Seasons of Change : Nature vs Calendars




  • Producer : Michael Schubert
  • Seaasons of Change: Nature vs Calendars

Seasons are more than just the changes in weather, ecology and hours of daylight caused by the Earth’s rotation around the sun and the gentle tilt of the Earth’s axis.  Astronomers and meteorologists are at odds, and in Australia the conventional “Vivaldi” seasons are found wanting.  Seasons affect people and people, plants and animals are intimately connected with their own seasonal understanding.

I speak with Professor Tim Entwisle, Director of the Royal Botanic Gardens, Victoria and author of Sprinter and Summer : Australia’s Changing Seasons.  He has considered the natural biological responses of plants in particular and proposed, as a discussion paper, the inclusion of an additional “season” into our horticultural calendar.

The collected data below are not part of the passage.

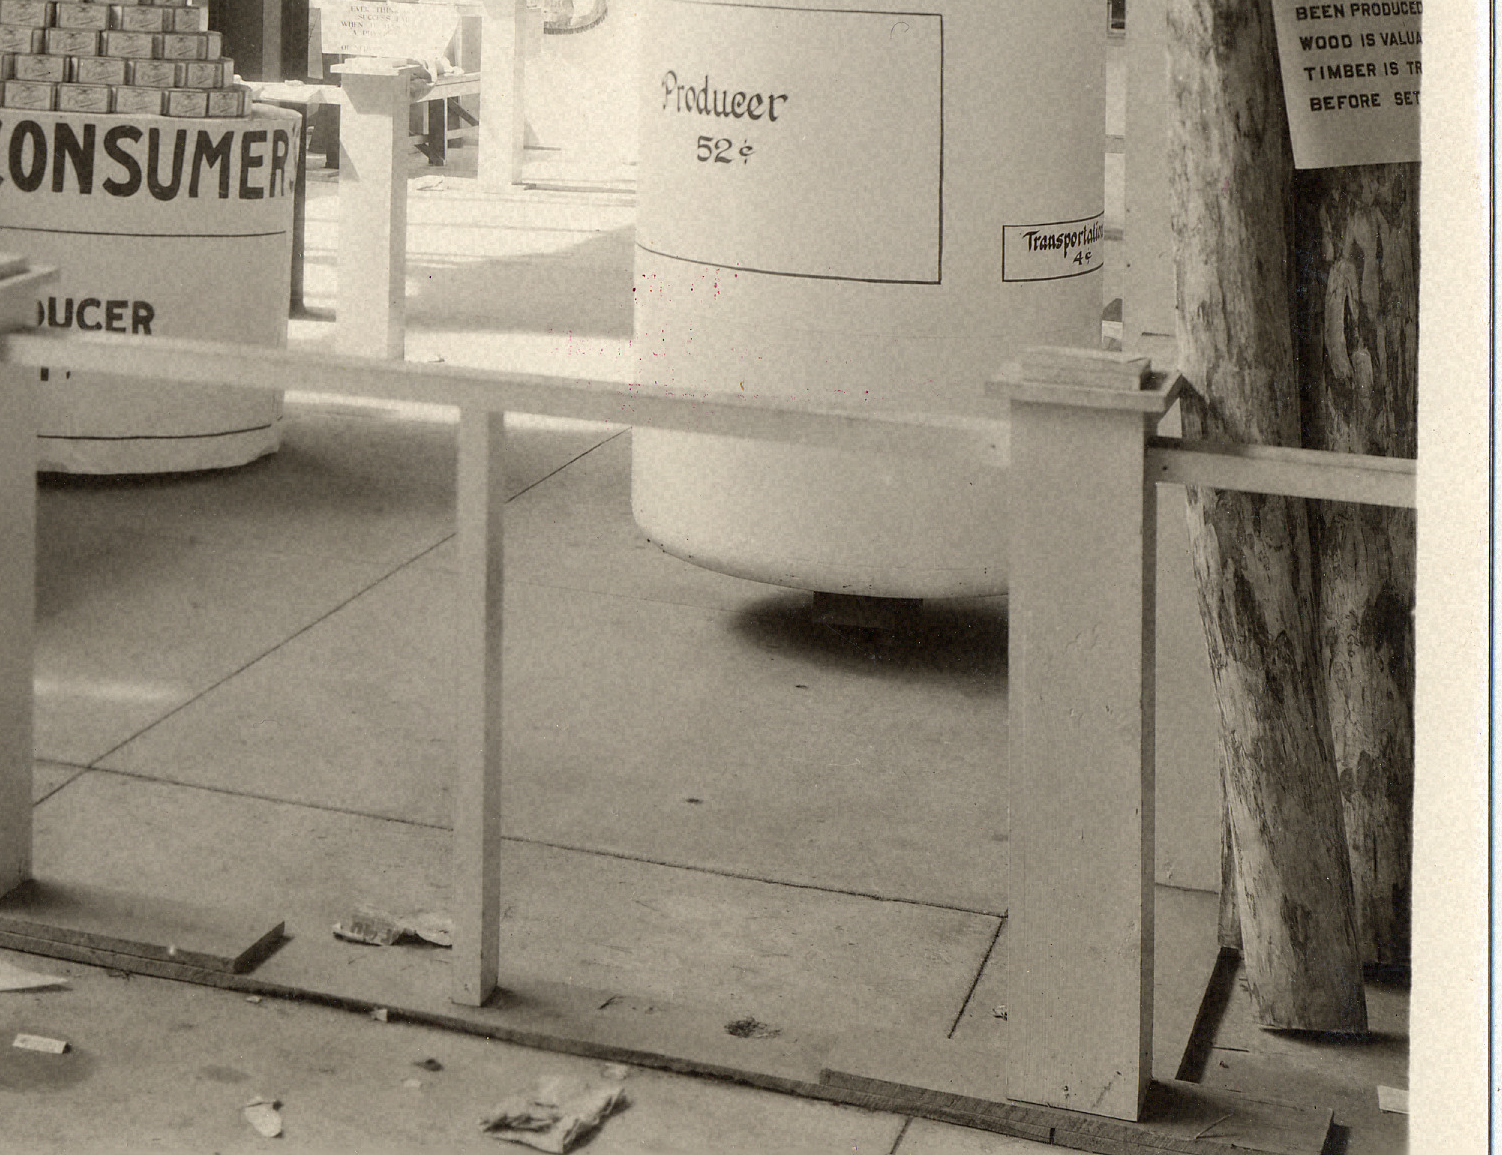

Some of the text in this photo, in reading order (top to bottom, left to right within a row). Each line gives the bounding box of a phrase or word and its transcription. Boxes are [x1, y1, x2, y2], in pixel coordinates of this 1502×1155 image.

[1295, 1, 1423, 21] BEEN PRODUCED
[1299, 33, 1353, 51] WOOD
[1361, 33, 1375, 47] IS
[1303, 61, 1376, 81] TIMBER
[1384, 61, 1398, 76] IS
[661, 70, 788, 122] Producer
[1310, 93, 1381, 111] BEFORE
[697, 135, 756, 165] 52¢
[1072, 248, 1093, 265] 4¢
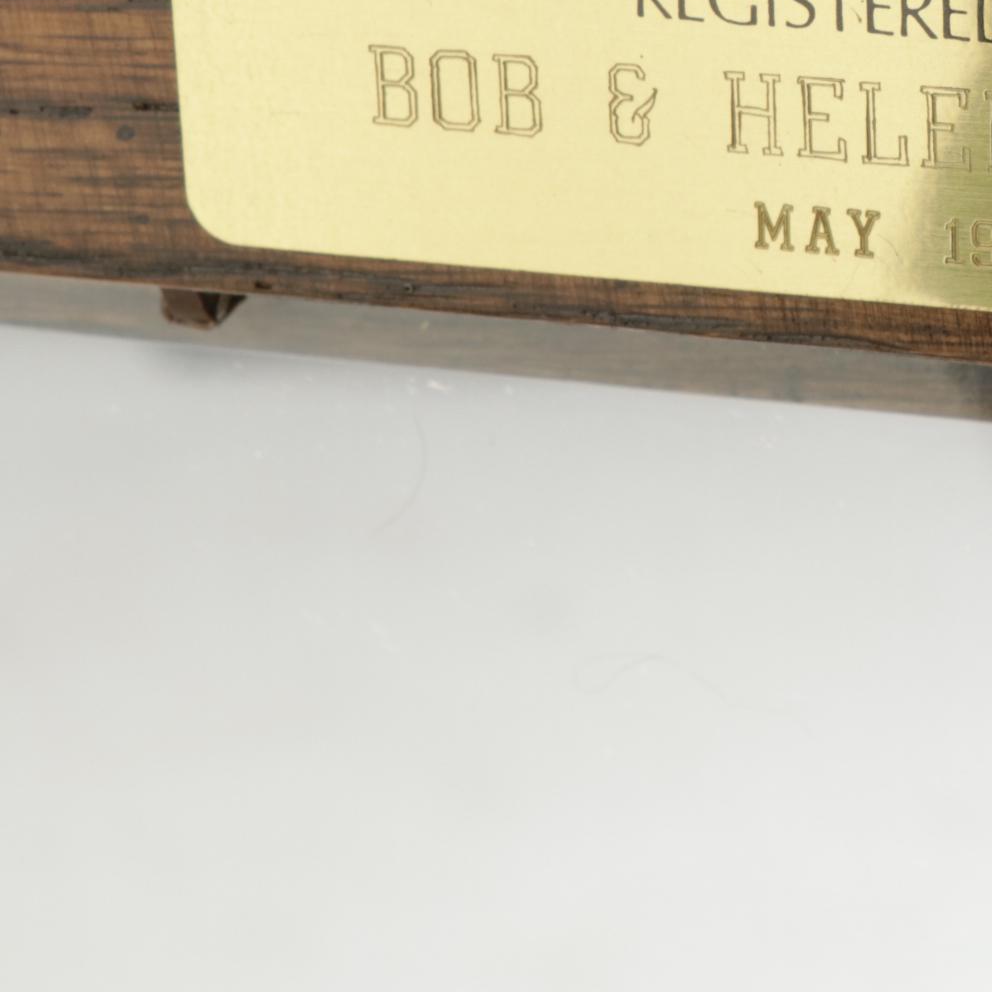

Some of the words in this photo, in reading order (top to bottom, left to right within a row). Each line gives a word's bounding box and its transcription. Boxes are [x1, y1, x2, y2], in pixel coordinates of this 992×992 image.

[368, 44, 544, 138] BOB
[607, 62, 658, 147] &
[753, 200, 882, 259] MAY

Dr John Ryan from Edith Cowan University is an environmental philosopher and considers that an understanding of the indigenous weather calendar is essential to a deeper understanding of all disciplines in particular localities.  He has followed the development of the Indigenous Weather Knowledge Project by the Bureau of Meteorology, a compilation of indigenous seasonal calendars around Australia.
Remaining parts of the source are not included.